▶ [Brief] Below are records to repeat exactly; do not include any pictures.

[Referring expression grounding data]
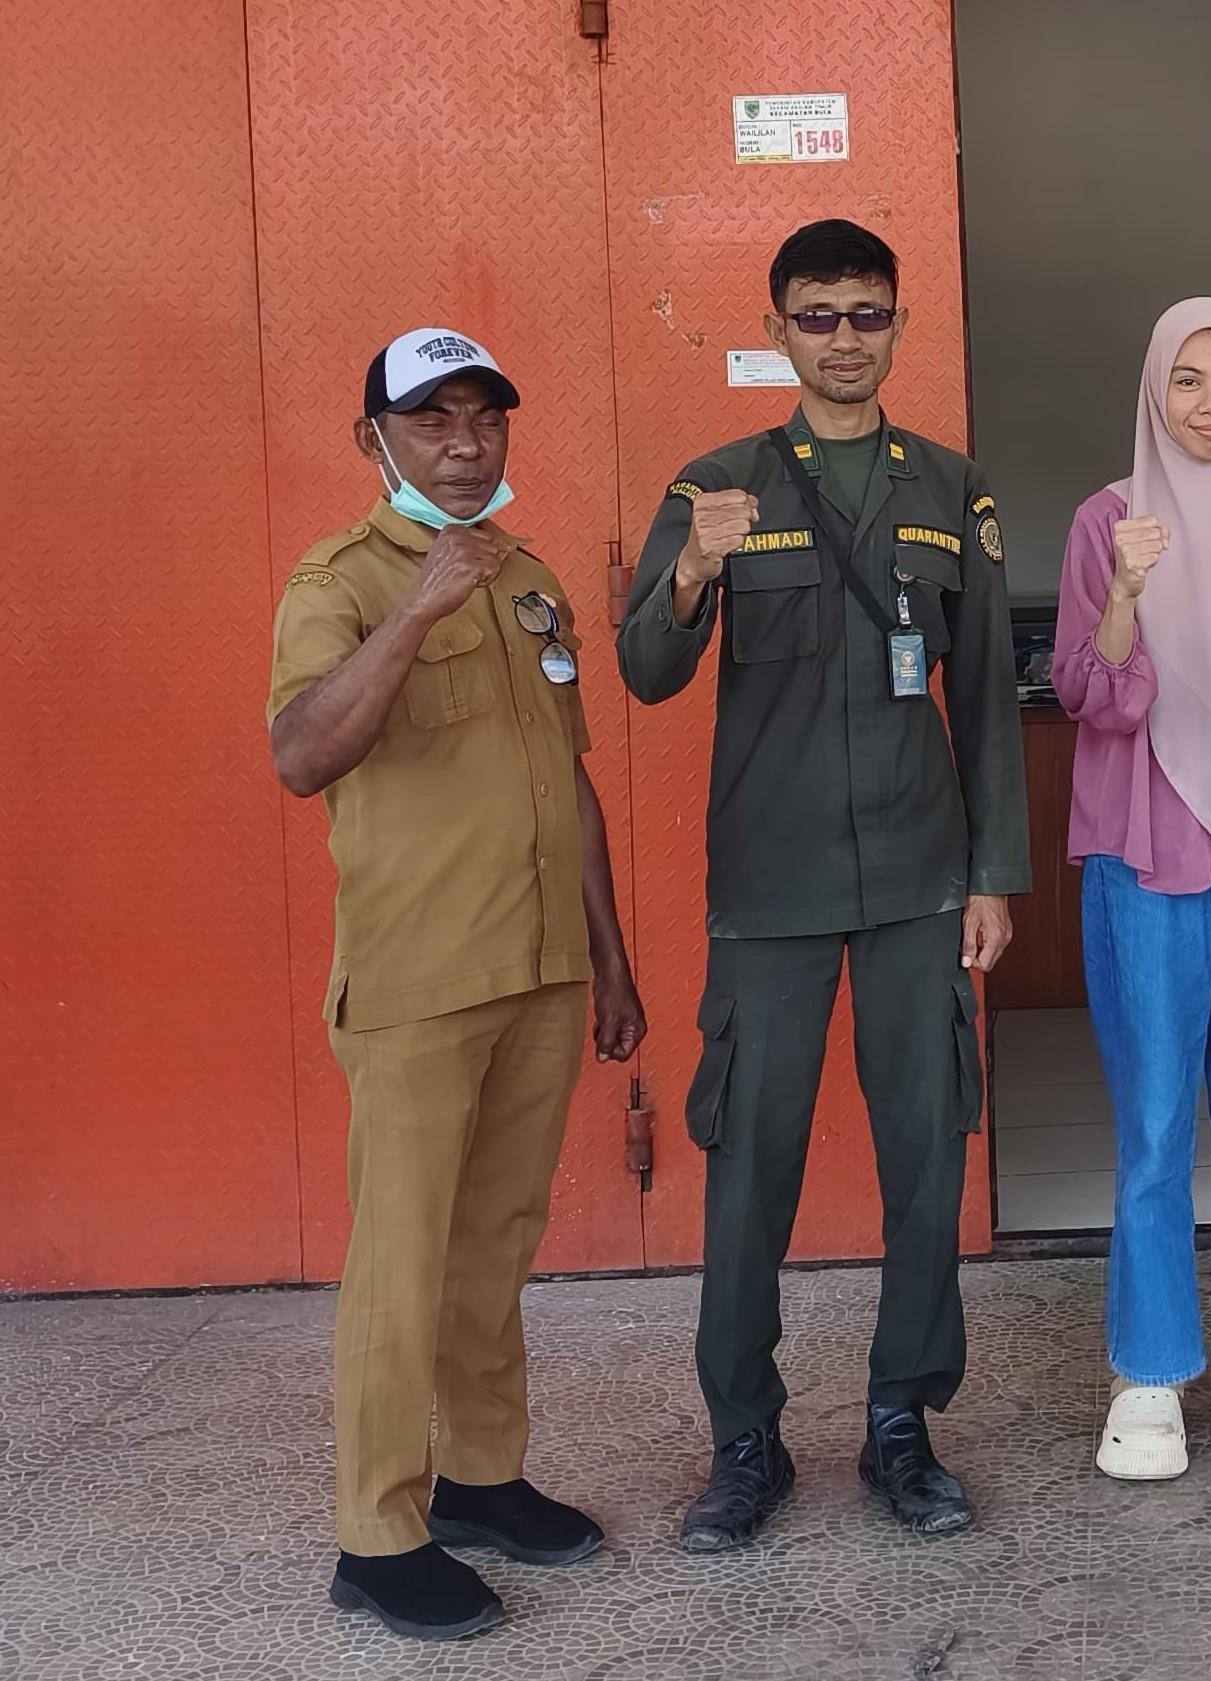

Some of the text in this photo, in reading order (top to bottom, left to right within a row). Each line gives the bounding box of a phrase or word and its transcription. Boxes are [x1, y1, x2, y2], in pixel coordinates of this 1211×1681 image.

[794, 129, 844, 155] 1548
[415, 337, 444, 359] YOUTH
[428, 347, 475, 362] FOREVER
[736, 530, 810, 552] AHMADI
[898, 527, 961, 555] QUARANTI

▶ [Completed exercise]
Some of the text in this photo, in reading order (top to bottom, left to right within a row). Each line gives the bounding box of a phrase or word and its transcription. Boxes are [x1, y1, x2, y2], in pixel coordinates of this 1211×1681 image.

[794, 129, 844, 155] 1548
[415, 337, 444, 359] YOUTH
[428, 347, 475, 362] FOREVER
[736, 530, 810, 552] AHMADI
[898, 527, 961, 555] QUARANTI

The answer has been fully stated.